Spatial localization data
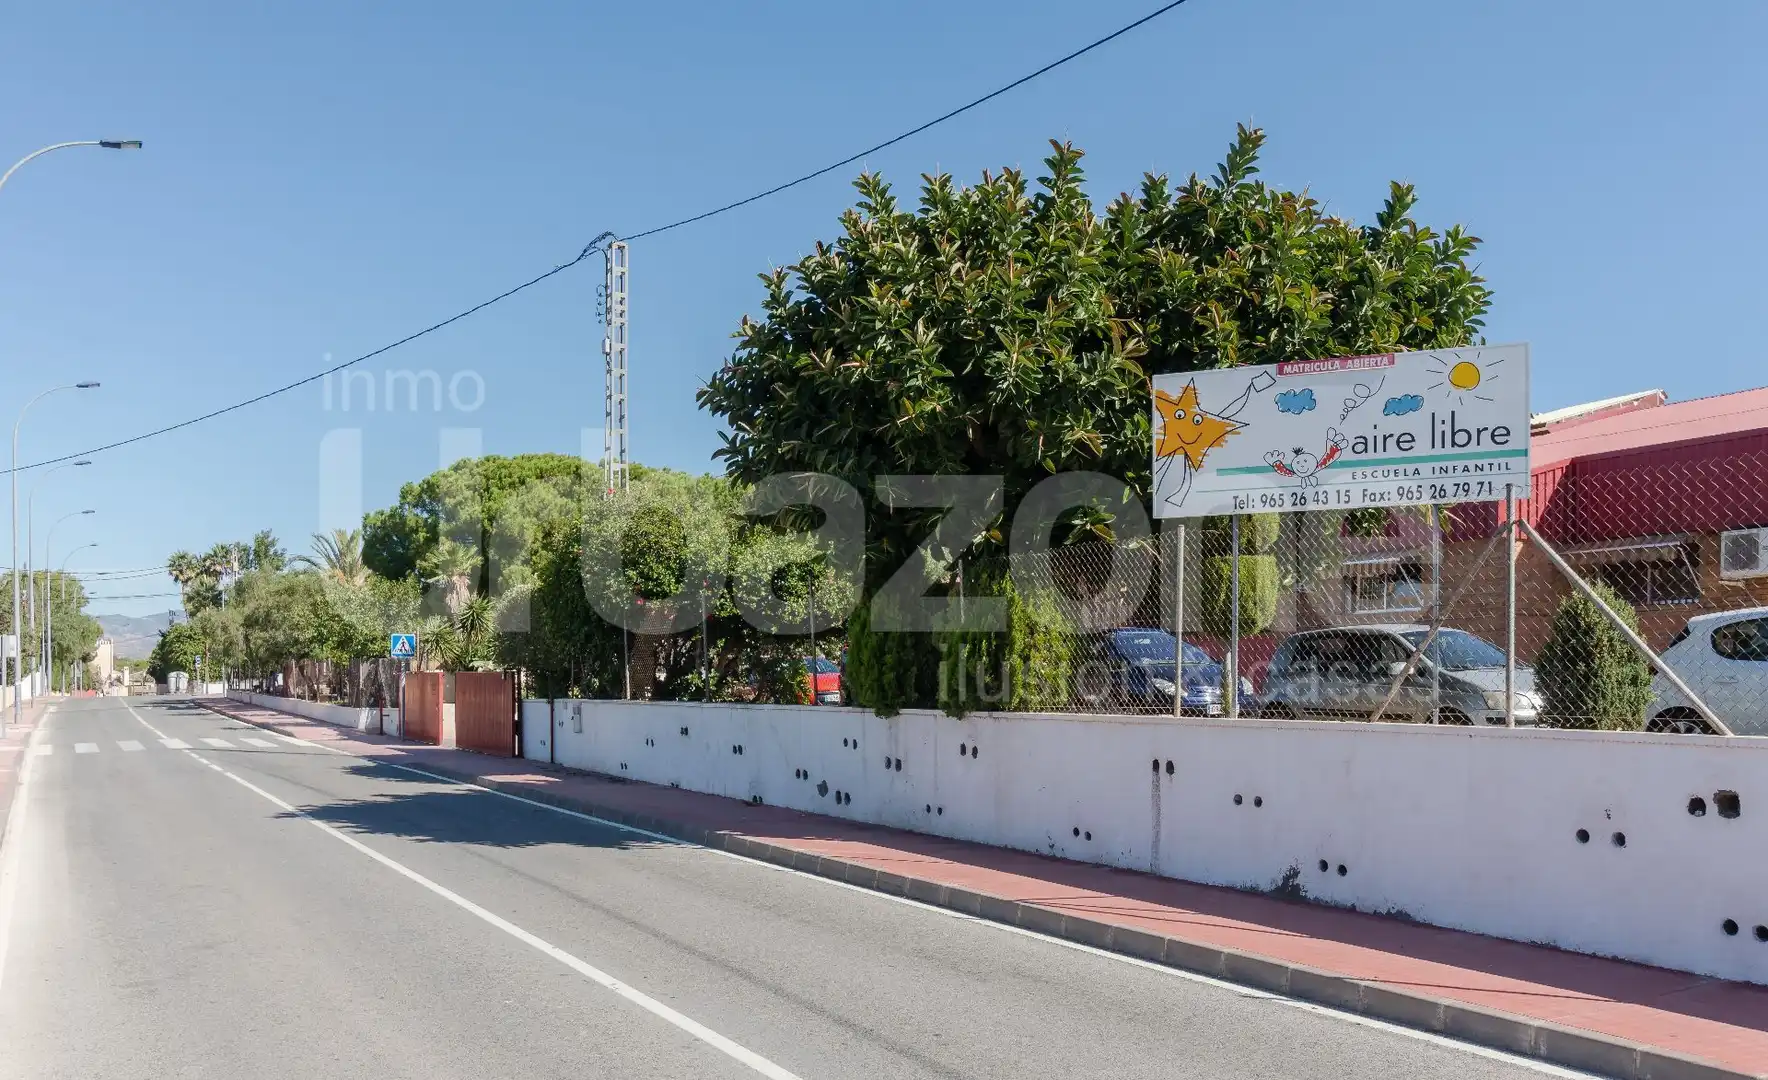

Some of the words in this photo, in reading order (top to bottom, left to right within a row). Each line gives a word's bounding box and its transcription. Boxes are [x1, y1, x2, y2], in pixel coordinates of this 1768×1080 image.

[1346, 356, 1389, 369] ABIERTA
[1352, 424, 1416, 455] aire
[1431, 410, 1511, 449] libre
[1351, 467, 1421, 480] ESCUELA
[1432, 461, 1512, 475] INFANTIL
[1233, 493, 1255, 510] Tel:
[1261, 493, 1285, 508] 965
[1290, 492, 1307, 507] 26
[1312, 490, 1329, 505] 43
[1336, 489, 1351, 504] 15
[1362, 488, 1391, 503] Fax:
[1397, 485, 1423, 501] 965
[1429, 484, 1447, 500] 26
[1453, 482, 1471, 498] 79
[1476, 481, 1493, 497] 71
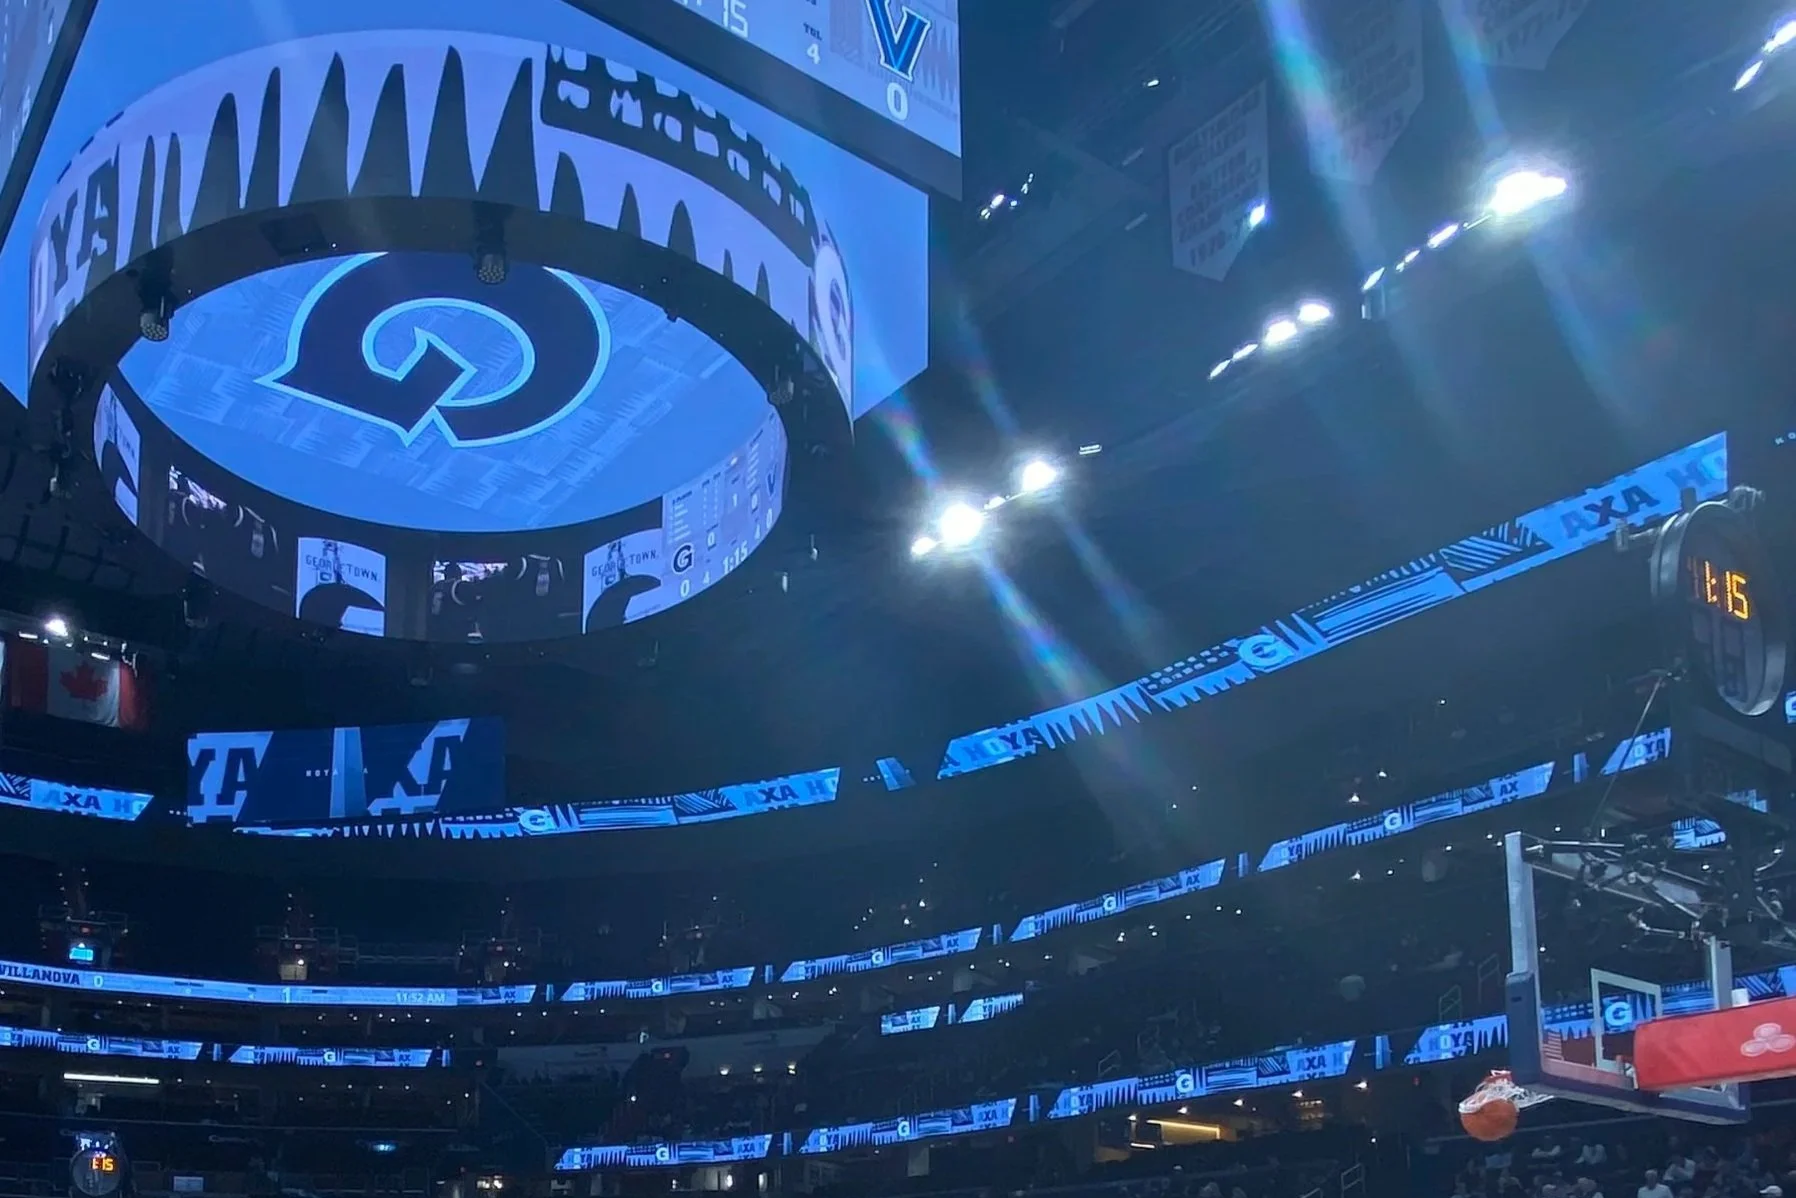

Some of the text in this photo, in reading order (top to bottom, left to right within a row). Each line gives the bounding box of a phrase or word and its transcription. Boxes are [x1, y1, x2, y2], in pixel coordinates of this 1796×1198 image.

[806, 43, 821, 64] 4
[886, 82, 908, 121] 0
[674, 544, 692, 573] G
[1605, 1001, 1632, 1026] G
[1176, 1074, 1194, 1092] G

- About this exercise -
The records above should be written out exactly, and the images dropped.

- Exercise output -
Some of the words in this photo, in reading order (top to bottom, left to right within a row). Each line gives a word's bounding box and its transcription. Boxes are [x1, y1, x2, y2], in pixel coordinates of this 1768×1080 image.

[1346, 356, 1389, 369] ABIERTA
[1352, 424, 1416, 455] aire
[1431, 410, 1511, 449] libre
[1351, 467, 1421, 480] ESCUELA
[1432, 461, 1512, 475] INFANTIL
[1233, 493, 1255, 510] Tel:
[1261, 493, 1285, 508] 965
[1290, 492, 1307, 507] 26
[1312, 490, 1329, 505] 43
[1336, 489, 1351, 504] 15
[1362, 488, 1391, 503] Fax:
[1397, 485, 1423, 501] 965
[1429, 484, 1447, 500] 26
[1453, 482, 1471, 498] 79
[1476, 481, 1493, 497] 71

Some of the text in this photo, in reading order (top to bottom, left to right within a row). Each line gives the bounding box of a phrase or word and its transcription. Boxes are [x1, y1, x2, y2], in pixel coordinates of this 1796×1198 image.

[806, 43, 821, 64] 4
[886, 82, 908, 121] 0
[674, 544, 692, 573] G
[1605, 1001, 1632, 1026] G
[1176, 1074, 1194, 1092] G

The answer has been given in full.